I draw out an anecdote about the artist Jo Joelson of London Fieldworks,  and tell Sinclair about her lighting design work in Tokyo last year on an indoor replica of London’s own replica Globe Theatre.

‘Artificial London light? Didn’t realise until I started working with Marc (2) how many different kinds of London light there are. There’s the dull grey that everyone expects, but that can change spectacularly in seconds. London’s prey to all these wildly contrasting micro-climates at any one time. The weather can just sweep in and suddenly bathe everything in clear light. Like it is now, and then, just as suddenly, it’s gone. Something else entirely. Since I’ve been doing the M25 work I think that Heathrow has an effect too. Must have. All those jets constantly coming in. It’s like they create their own weather: a kind of Ballardian microcosm.’ He looks up at the wheel. ‘Should see a fair bit of it from up there.’

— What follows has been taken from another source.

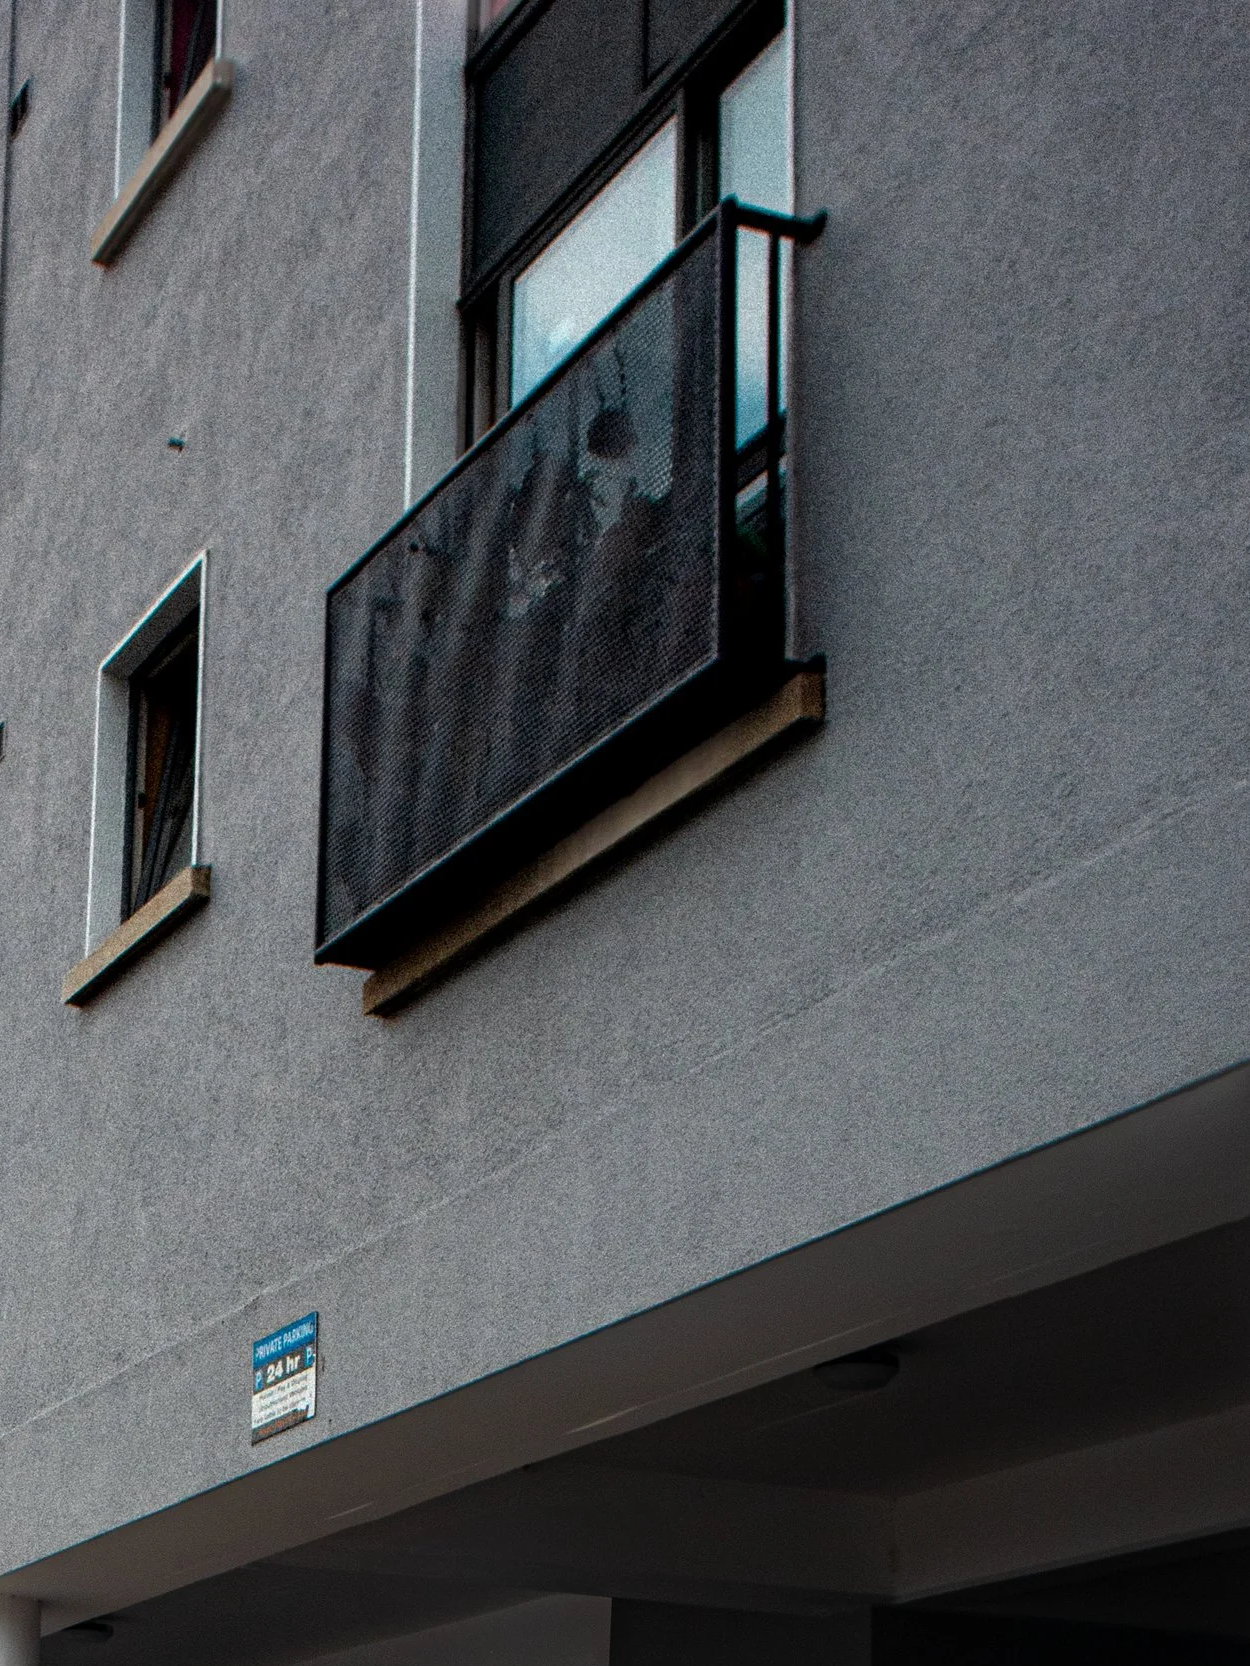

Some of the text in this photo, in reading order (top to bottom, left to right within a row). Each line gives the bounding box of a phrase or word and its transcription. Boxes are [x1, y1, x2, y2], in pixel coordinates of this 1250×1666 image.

[255, 1321, 314, 1360] PRIVATE PARKING
[266, 1360, 284, 1384] 24

I mention the work that Sinclair did in his novel Radon Daughters on Luke Howard (3), the East End chemist who corresponded with Goethe and Constable and developed the cloud classification system that is still used today. I’d read somewhere recently that vapour trails have now joined cumulus nimbus etc as a bona-fide cloud form.

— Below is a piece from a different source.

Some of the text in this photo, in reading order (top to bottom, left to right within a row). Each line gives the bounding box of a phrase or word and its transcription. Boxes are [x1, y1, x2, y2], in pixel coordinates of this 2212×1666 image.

‘Atkins,’ he says, ‘has a thing about vapour trails which form an “x”. Where two cross over. They’re everywhere. These bloody great alphabetic signs in the sky.’ We’re due to rendezvous with Atkins any time now. He’s going to do our pictures today. I’m keeping an eye out for him but am unsure if I’ll recognise him. ‘Don’t worry,’ Sinclair says, ‘You won’t miss him, he’s about six foot eight.’ He looks at the great ferris wheel, the slowly descended capsules between us and the river. ‘Wonder how long till someone does a remake of The Third Man,’ he offers.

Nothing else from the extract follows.